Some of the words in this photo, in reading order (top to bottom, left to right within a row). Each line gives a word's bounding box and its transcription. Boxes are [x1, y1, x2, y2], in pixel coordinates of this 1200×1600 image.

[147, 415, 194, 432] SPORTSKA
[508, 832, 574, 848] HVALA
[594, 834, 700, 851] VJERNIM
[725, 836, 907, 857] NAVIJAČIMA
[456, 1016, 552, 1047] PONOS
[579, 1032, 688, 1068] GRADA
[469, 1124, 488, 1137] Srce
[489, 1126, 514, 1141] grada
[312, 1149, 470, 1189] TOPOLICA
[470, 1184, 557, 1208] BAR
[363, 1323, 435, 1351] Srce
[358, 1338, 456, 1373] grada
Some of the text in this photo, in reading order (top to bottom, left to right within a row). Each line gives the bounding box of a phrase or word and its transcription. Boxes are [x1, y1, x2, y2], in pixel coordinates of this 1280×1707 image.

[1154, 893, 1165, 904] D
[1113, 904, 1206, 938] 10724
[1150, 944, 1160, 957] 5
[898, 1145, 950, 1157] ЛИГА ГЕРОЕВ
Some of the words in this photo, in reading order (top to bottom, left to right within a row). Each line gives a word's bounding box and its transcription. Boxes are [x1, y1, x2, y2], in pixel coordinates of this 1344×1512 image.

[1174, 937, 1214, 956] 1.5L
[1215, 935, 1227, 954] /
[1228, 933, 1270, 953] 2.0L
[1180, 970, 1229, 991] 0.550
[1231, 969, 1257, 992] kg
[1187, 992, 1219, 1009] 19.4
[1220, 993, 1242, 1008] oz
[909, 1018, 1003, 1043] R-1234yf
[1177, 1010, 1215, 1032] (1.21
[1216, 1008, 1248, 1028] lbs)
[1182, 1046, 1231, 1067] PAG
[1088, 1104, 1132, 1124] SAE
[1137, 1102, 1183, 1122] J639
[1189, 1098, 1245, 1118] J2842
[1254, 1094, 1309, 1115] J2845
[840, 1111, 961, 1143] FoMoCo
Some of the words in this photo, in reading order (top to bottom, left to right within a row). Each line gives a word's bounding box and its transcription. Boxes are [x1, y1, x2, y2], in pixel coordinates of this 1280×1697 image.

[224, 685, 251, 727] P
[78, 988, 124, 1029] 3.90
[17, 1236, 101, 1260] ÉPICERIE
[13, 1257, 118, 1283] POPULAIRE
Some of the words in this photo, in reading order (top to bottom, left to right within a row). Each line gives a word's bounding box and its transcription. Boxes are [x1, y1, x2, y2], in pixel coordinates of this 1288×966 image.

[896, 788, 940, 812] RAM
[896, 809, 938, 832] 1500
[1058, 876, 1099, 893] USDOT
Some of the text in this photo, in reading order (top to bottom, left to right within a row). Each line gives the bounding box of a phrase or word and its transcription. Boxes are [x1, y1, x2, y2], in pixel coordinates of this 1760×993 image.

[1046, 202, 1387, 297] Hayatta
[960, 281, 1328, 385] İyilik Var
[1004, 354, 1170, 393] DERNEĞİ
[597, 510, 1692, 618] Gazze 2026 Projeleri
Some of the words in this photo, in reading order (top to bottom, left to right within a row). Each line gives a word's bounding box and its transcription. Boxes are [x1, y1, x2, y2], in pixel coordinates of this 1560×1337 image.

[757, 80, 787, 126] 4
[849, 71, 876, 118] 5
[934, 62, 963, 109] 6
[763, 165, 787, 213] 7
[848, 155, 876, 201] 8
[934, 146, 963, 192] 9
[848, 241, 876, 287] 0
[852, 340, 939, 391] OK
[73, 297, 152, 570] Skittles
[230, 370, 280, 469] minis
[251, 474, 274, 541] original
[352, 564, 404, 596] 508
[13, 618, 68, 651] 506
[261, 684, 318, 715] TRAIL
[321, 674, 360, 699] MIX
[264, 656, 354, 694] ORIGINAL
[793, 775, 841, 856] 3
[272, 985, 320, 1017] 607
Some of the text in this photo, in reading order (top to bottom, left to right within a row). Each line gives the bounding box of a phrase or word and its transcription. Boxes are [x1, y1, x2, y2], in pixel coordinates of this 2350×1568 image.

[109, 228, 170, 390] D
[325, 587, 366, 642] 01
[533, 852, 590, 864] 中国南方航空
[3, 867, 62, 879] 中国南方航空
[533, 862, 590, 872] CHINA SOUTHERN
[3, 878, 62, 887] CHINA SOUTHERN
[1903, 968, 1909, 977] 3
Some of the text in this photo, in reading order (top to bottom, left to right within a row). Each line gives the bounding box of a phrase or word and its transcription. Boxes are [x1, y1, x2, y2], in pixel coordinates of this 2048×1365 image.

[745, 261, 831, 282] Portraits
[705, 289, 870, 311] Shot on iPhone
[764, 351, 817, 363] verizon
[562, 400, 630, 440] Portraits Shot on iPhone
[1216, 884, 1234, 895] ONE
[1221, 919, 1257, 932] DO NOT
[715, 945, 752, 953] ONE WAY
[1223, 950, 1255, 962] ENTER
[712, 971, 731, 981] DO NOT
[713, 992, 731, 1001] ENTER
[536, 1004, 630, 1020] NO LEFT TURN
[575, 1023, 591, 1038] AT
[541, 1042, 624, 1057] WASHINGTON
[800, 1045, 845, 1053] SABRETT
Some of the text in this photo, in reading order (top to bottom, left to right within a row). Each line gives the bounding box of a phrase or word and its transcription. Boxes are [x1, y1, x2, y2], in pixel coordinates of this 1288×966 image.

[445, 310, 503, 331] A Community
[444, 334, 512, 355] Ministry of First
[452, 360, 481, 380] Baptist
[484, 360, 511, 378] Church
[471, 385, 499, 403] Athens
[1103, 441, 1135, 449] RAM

**Exercise requirements:** An exact copy of every entry is what's needed, so retype them all.

**Task output:**
Some of the words in this photo, in reading order (top to bottom, left to right within a row). Each line gives a word's bounding box and its transcription. Boxes are [x1, y1, x2, y2], in pixel coordinates of this 1200×1600 image.

[147, 415, 194, 432] SPORTSKA
[508, 832, 574, 848] HVALA
[594, 834, 700, 851] VJERNIM
[725, 836, 907, 857] NAVIJAČIMA
[456, 1016, 552, 1047] PONOS
[579, 1032, 688, 1068] GRADA
[469, 1124, 488, 1137] Srce
[489, 1126, 514, 1141] grada
[312, 1149, 470, 1189] TOPOLICA
[470, 1184, 557, 1208] BAR
[363, 1323, 435, 1351] Srce
[358, 1338, 456, 1373] grada
Some of the text in this photo, in reading order (top to bottom, left to right within a row). Each line gives the bounding box of a phrase or word and its transcription. Boxes are [x1, y1, x2, y2], in pixel coordinates of this 1280×1707 image.

[1154, 893, 1165, 904] D
[1113, 904, 1206, 938] 10724
[1150, 944, 1160, 957] 5
[898, 1145, 950, 1157] ЛИГА ГЕРОЕВ
Some of the words in this photo, in reading order (top to bottom, left to right within a row). Each line gives a word's bounding box and its transcription. Boxes are [x1, y1, x2, y2], in pixel coordinates of this 1344×1512 image.

[1174, 937, 1214, 956] 1.5L
[1215, 935, 1227, 954] /
[1228, 933, 1270, 953] 2.0L
[1180, 970, 1229, 991] 0.550
[1231, 969, 1257, 992] kg
[1187, 992, 1219, 1009] 19.4
[1220, 993, 1242, 1008] oz
[909, 1018, 1003, 1043] R-1234yf
[1177, 1010, 1215, 1032] (1.21
[1216, 1008, 1248, 1028] lbs)
[1182, 1046, 1231, 1067] PAG
[1088, 1104, 1132, 1124] SAE
[1137, 1102, 1183, 1122] J639
[1189, 1098, 1245, 1118] J2842
[1254, 1094, 1309, 1115] J2845
[840, 1111, 961, 1143] FoMoCo
Some of the words in this photo, in reading order (top to bottom, left to right within a row). Each line gives a word's bounding box and its transcription. Boxes are [x1, y1, x2, y2], in pixel coordinates of this 1280×1697 image.

[224, 685, 251, 727] P
[78, 988, 124, 1029] 3.90
[17, 1236, 101, 1260] ÉPICERIE
[13, 1257, 118, 1283] POPULAIRE
Some of the words in this photo, in reading order (top to bottom, left to right within a row). Each line gives a word's bounding box and its transcription. Boxes are [x1, y1, x2, y2], in pixel coordinates of this 1288×966 image.

[896, 788, 940, 812] RAM
[896, 809, 938, 832] 1500
[1058, 876, 1099, 893] USDOT
Some of the text in this photo, in reading order (top to bottom, left to right within a row). Each line gives the bounding box of a phrase or word and its transcription. Boxes are [x1, y1, x2, y2], in pixel coordinates of this 1760×993 image.

[1046, 202, 1387, 297] Hayatta
[960, 281, 1328, 385] İyilik Var
[1004, 354, 1170, 393] DERNEĞİ
[597, 510, 1692, 618] Gazze 2026 Projeleri
Some of the words in this photo, in reading order (top to bottom, left to right within a row). Each line gives a word's bounding box and its transcription. Boxes are [x1, y1, x2, y2], in pixel coordinates of this 1560×1337 image.

[757, 80, 787, 126] 4
[849, 71, 876, 118] 5
[934, 62, 963, 109] 6
[763, 165, 787, 213] 7
[848, 155, 876, 201] 8
[934, 146, 963, 192] 9
[848, 241, 876, 287] 0
[852, 340, 939, 391] OK
[73, 297, 152, 570] Skittles
[230, 370, 280, 469] minis
[251, 474, 274, 541] original
[352, 564, 404, 596] 508
[13, 618, 68, 651] 506
[261, 684, 318, 715] TRAIL
[321, 674, 360, 699] MIX
[264, 656, 354, 694] ORIGINAL
[793, 775, 841, 856] 3
[272, 985, 320, 1017] 607
Some of the text in this photo, in reading order (top to bottom, left to right within a row). Each line gives the bounding box of a phrase or word and its transcription. Boxes are [x1, y1, x2, y2], in pixel coordinates of this 2350×1568 image.

[109, 228, 170, 390] D
[325, 587, 366, 642] 01
[533, 852, 590, 864] 中国南方航空
[3, 867, 62, 879] 中国南方航空
[533, 862, 590, 872] CHINA SOUTHERN
[3, 878, 62, 887] CHINA SOUTHERN
[1903, 968, 1909, 977] 3
Some of the text in this photo, in reading order (top to bottom, left to right within a row). Each line gives the bounding box of a phrase or word and its transcription. Boxes are [x1, y1, x2, y2], in pixel coordinates of this 2048×1365 image.

[745, 261, 831, 282] Portraits
[705, 289, 870, 311] Shot on iPhone
[764, 351, 817, 363] verizon
[562, 400, 630, 440] Portraits Shot on iPhone
[1216, 884, 1234, 895] ONE
[1221, 919, 1257, 932] DO NOT
[715, 945, 752, 953] ONE WAY
[1223, 950, 1255, 962] ENTER
[712, 971, 731, 981] DO NOT
[713, 992, 731, 1001] ENTER
[536, 1004, 630, 1020] NO LEFT TURN
[575, 1023, 591, 1038] AT
[541, 1042, 624, 1057] WASHINGTON
[800, 1045, 845, 1053] SABRETT
Some of the text in this photo, in reading order (top to bottom, left to right within a row). Each line gives the bounding box of a phrase or word and its transcription. Boxes are [x1, y1, x2, y2], in pixel coordinates of this 1288×966 image.

[445, 310, 503, 331] A Community
[444, 334, 512, 355] Ministry of First
[452, 360, 481, 380] Baptist
[484, 360, 511, 378] Church
[471, 385, 499, 403] Athens
[1103, 441, 1135, 449] RAM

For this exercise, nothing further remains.